Perché per i servizi sociali è sempre più complicato far fronte all’emergenza causata dalla dipendenza da gioco. «Lo Stato guadagna – dice l’assessore alla Salute e all’Equità sociale, Antonio Corrias -, ma ai Comuni rimane il conto da pagare: sempre più persone si presentano infatti ai servizi sociali raccontando esperienze drammatiche legate alla spirale del gioco d’azzardo.

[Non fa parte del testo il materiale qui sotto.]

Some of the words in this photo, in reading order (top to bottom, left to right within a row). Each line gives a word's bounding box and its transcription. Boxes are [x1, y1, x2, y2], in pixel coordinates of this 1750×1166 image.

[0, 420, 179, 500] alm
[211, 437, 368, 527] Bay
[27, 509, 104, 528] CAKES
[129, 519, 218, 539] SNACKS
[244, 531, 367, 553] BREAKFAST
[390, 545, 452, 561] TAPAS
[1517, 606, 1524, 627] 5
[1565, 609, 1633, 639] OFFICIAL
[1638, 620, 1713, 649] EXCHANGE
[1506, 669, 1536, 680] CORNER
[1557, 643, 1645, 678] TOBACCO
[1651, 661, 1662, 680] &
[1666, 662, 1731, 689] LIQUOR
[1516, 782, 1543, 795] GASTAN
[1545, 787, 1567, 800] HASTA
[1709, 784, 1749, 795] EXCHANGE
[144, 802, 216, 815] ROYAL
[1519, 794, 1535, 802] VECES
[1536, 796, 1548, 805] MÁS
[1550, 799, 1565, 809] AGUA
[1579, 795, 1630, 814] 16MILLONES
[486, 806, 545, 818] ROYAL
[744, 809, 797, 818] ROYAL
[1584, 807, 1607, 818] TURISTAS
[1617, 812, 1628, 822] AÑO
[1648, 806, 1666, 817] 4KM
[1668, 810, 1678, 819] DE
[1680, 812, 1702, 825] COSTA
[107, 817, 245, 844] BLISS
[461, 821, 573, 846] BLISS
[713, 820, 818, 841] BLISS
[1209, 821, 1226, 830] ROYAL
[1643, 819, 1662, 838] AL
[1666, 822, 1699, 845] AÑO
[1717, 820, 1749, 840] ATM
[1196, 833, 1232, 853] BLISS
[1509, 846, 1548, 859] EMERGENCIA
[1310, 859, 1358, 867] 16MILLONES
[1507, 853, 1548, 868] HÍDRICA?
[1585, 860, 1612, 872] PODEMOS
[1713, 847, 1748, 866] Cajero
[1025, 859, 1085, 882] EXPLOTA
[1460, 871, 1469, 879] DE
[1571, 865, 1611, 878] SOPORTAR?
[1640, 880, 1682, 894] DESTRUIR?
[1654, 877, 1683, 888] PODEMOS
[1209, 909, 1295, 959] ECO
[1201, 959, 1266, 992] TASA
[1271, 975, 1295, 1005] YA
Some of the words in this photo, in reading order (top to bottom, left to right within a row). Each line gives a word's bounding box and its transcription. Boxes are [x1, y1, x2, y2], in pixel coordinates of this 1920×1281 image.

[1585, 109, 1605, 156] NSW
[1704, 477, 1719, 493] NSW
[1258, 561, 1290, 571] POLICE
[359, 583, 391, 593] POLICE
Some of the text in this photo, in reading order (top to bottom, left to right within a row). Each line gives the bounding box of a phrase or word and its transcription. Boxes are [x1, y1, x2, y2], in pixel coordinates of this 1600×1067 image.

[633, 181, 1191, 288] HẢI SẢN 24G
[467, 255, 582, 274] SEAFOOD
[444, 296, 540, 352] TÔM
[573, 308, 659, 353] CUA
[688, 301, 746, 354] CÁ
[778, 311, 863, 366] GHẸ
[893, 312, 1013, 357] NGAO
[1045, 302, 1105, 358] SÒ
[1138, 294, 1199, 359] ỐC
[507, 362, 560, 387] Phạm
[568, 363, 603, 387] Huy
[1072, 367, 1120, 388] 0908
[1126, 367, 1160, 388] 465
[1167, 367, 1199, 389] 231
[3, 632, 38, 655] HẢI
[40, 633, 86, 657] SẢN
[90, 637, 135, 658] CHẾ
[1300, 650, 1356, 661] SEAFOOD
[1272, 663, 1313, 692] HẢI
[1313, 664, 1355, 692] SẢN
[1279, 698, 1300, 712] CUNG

In città ci sono 11 sale gioco e 25 centri scommesse, in media ogni italiano spende 800 euro l’anno per tentare la fortuna, ma la possibilità di vincita di 200 mila euro a un Gratta e vinci è soltanto di uno su 8,4 milioni». Non a caso, per il sindaco professore «le probabilità di guadagnare giocando con continuità sono talmente basse che la speranza matematica è negativa». Tanto che per i matematici il gioco d’azzardo è «una tassa sulla stupidità».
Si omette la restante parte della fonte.